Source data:

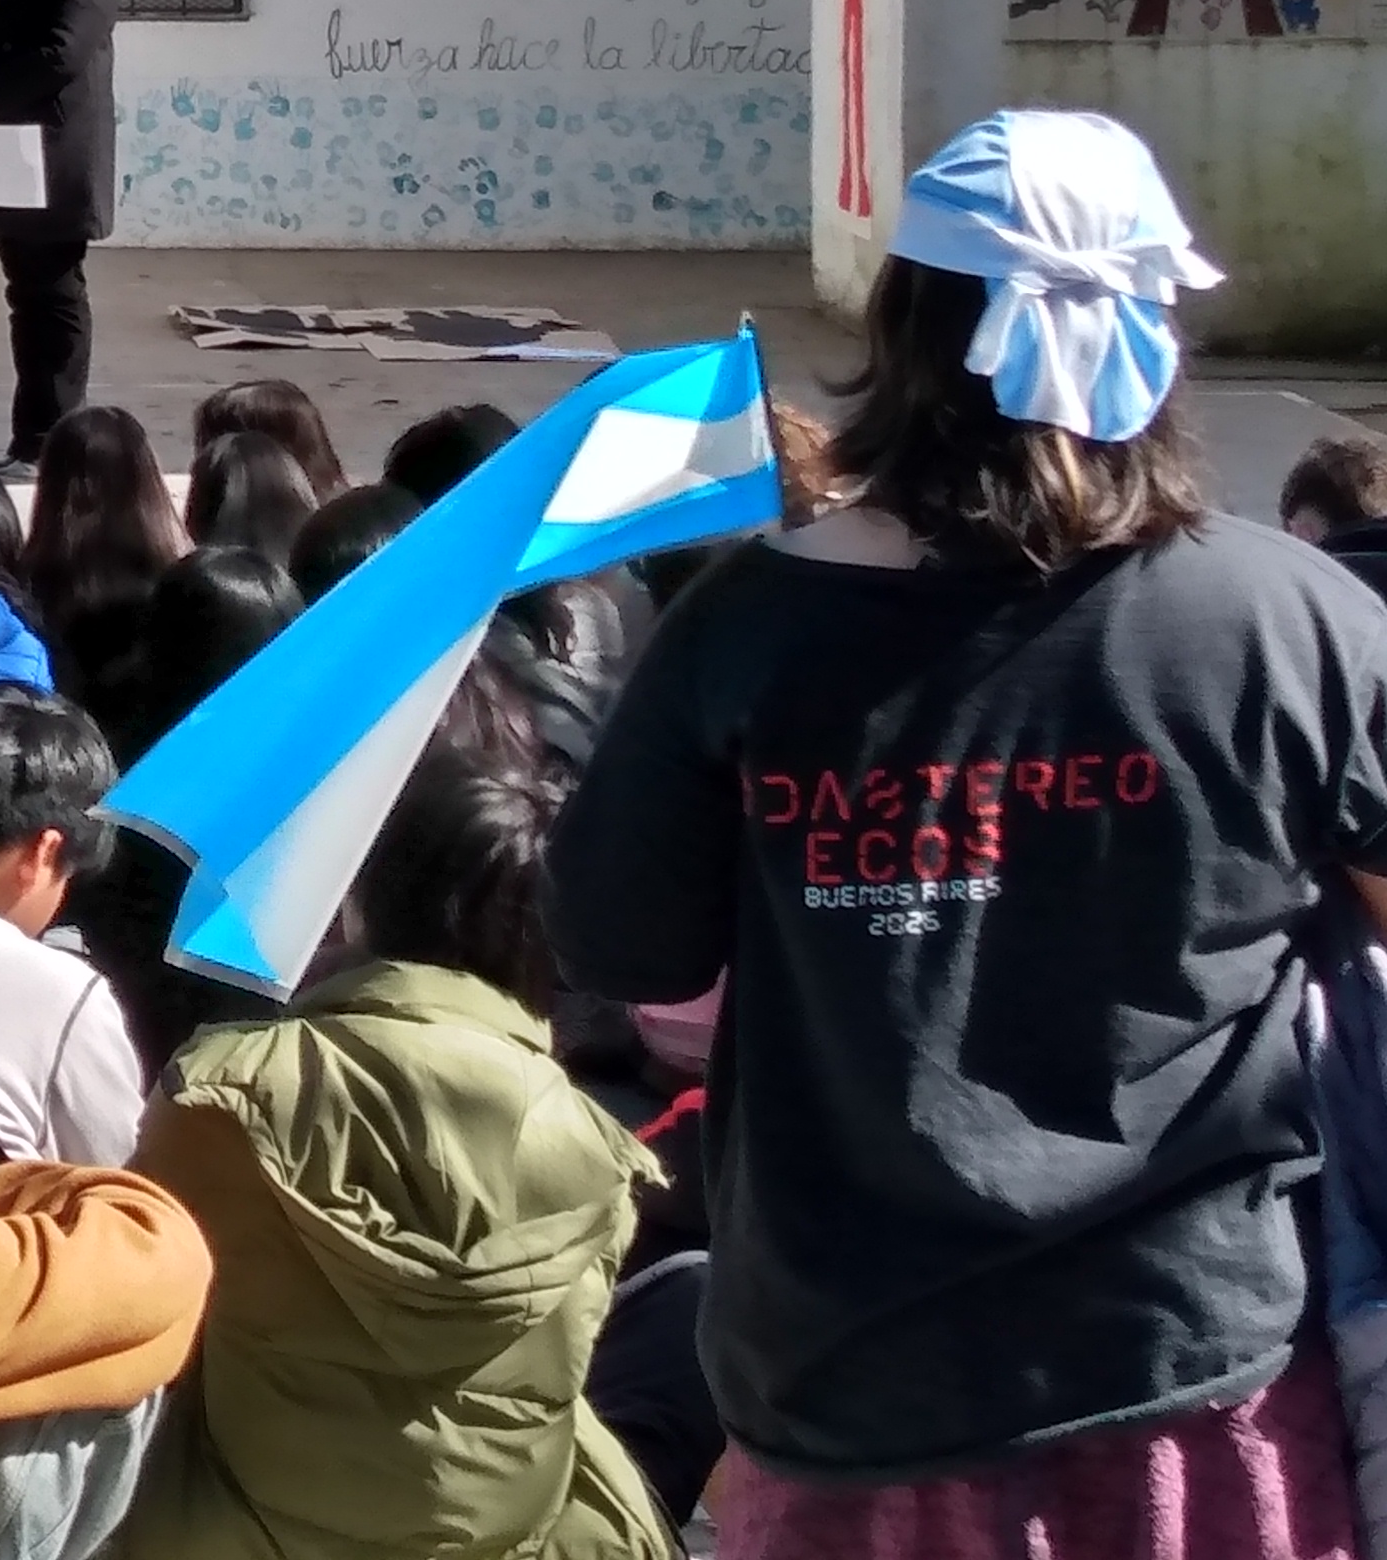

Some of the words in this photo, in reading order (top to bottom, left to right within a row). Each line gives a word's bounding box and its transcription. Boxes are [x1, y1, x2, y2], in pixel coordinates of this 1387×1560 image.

[583, 16, 626, 70] la
[805, 826, 1003, 883] ECOS
[804, 884, 915, 909] BUENOS
[920, 874, 1003, 905] AIRES
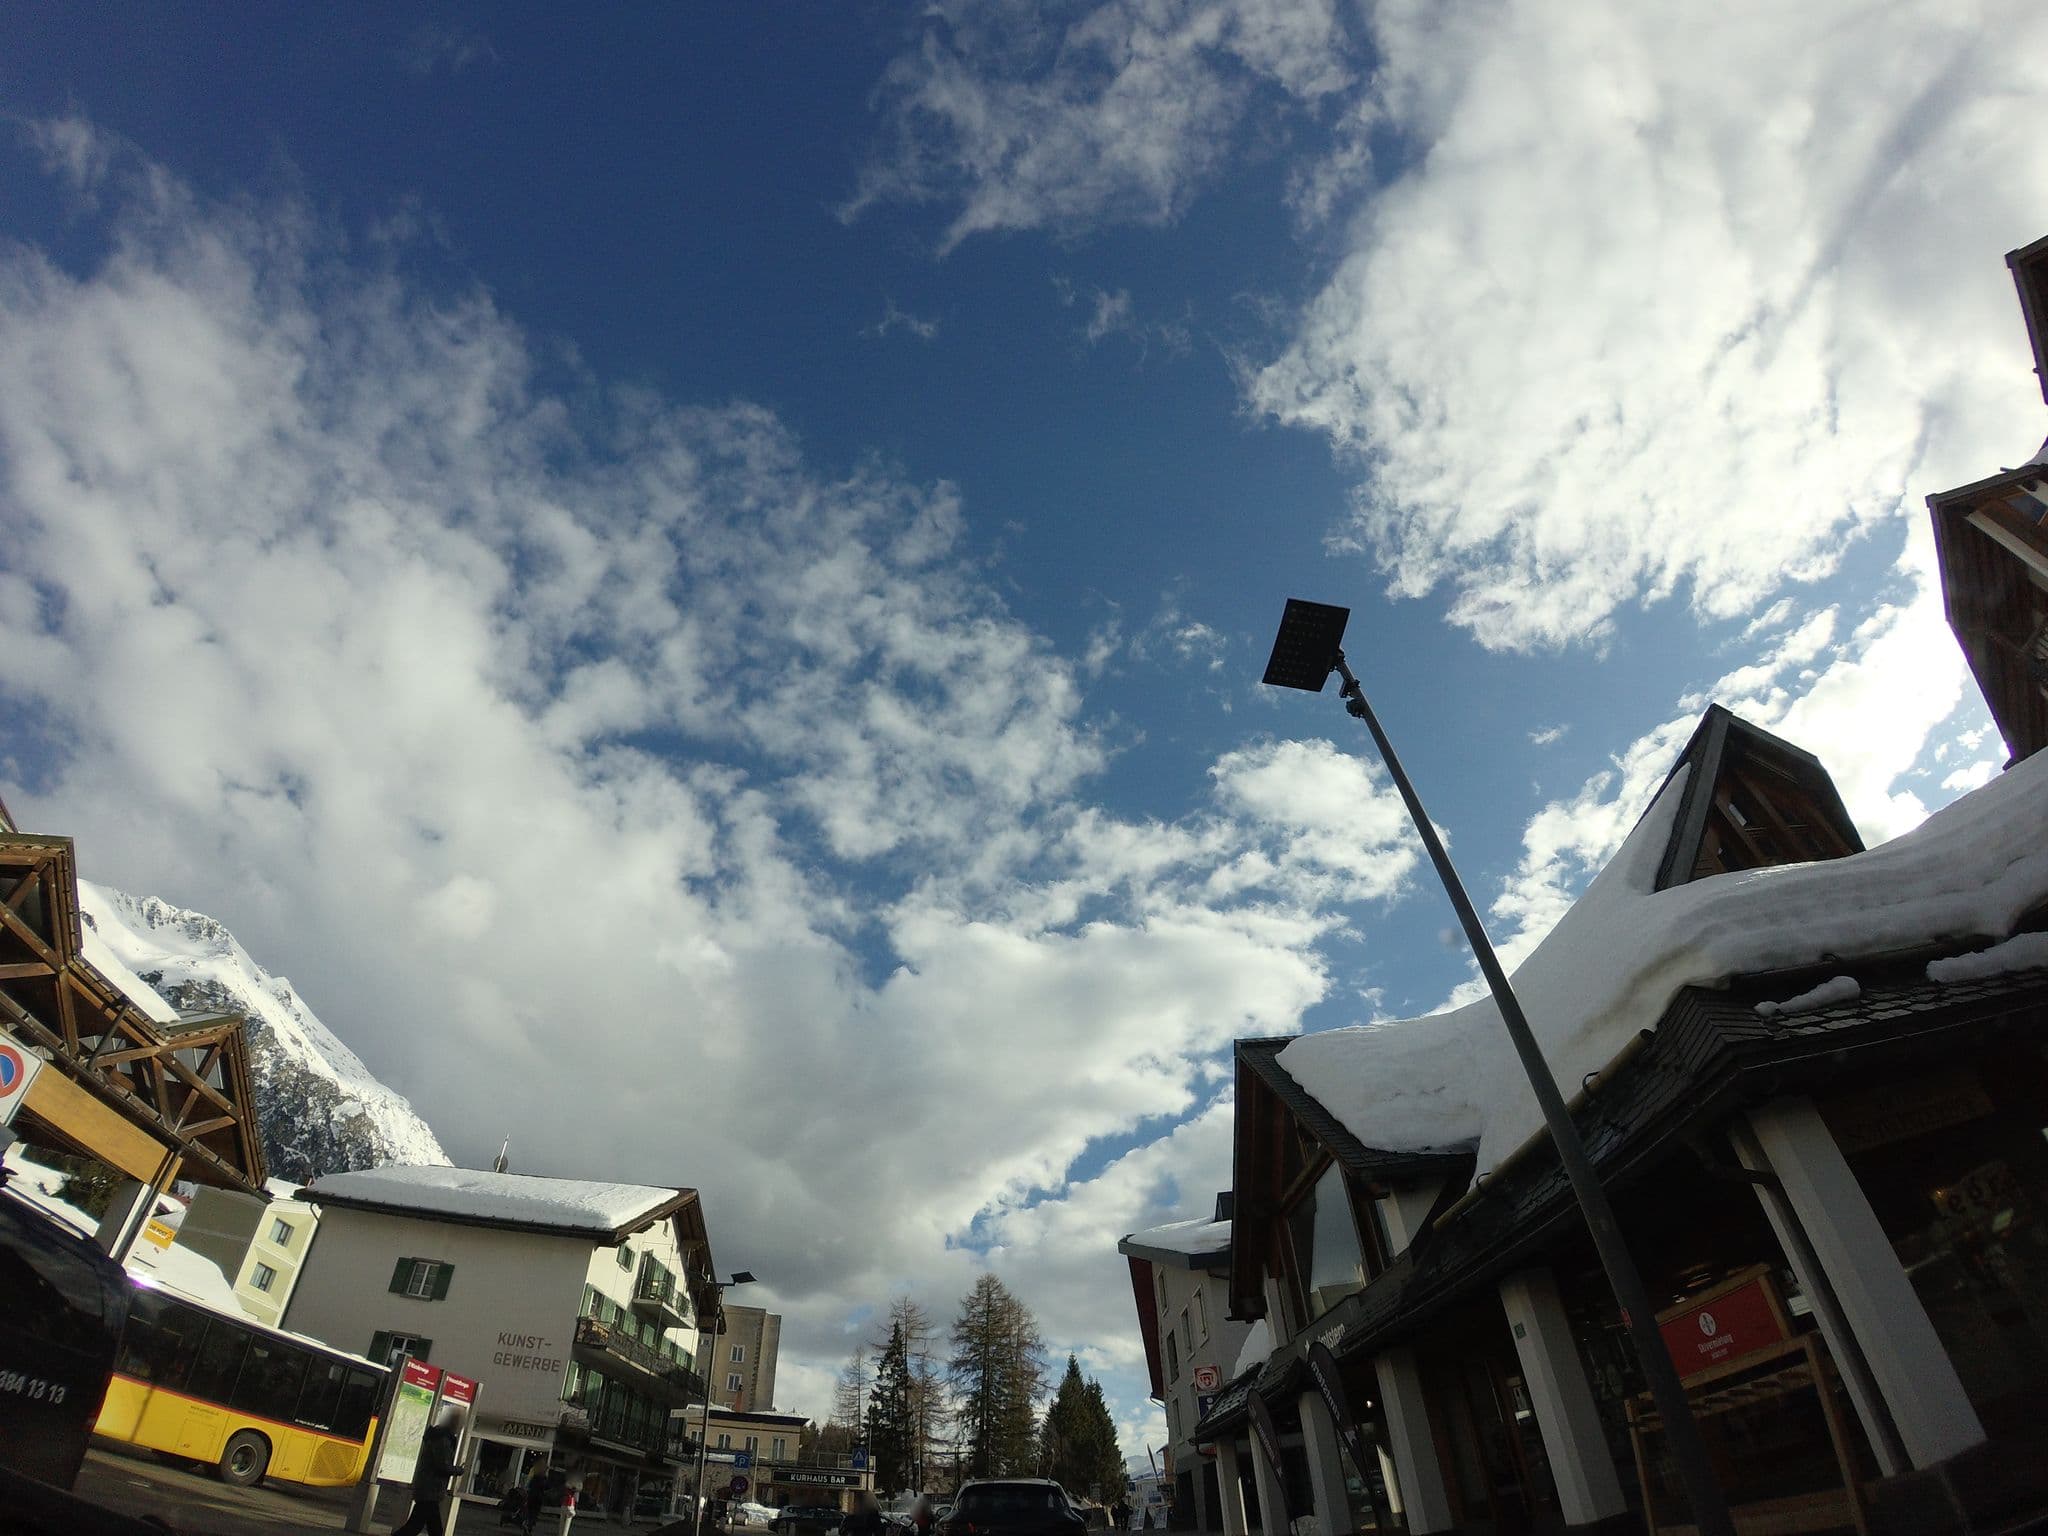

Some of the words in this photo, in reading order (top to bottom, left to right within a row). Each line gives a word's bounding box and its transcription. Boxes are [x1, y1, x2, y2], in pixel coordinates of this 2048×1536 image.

[497, 1332, 552, 1349] KUNST-
[493, 1351, 561, 1373] GEWERBE
[27, 1378, 46, 1399] 13
[48, 1384, 66, 1405] 13
[790, 1473, 828, 1483] KURHAUS
[830, 1475, 846, 1484] BAR

** TASK PROMPT **
All records above should be duplicated exactly, with the pictures omitted.

** RESULT OF THE TASK **
Some of the words in this photo, in reading order (top to bottom, left to right within a row). Each line gives a word's bounding box and its transcription. Boxes are [x1, y1, x2, y2], in pixel coordinates of this 1387×1560 image.

[583, 16, 626, 70] la
[805, 826, 1003, 883] ECOS
[804, 884, 915, 909] BUENOS
[920, 874, 1003, 905] AIRES

Some of the words in this photo, in reading order (top to bottom, left to right within a row). Each line gives a word's bounding box and its transcription. Boxes are [x1, y1, x2, y2], in pixel coordinates of this 2048×1536 image.

[497, 1332, 552, 1349] KUNST-
[493, 1351, 561, 1373] GEWERBE
[27, 1378, 46, 1399] 13
[48, 1384, 66, 1405] 13
[790, 1473, 828, 1483] KURHAUS
[830, 1475, 846, 1484] BAR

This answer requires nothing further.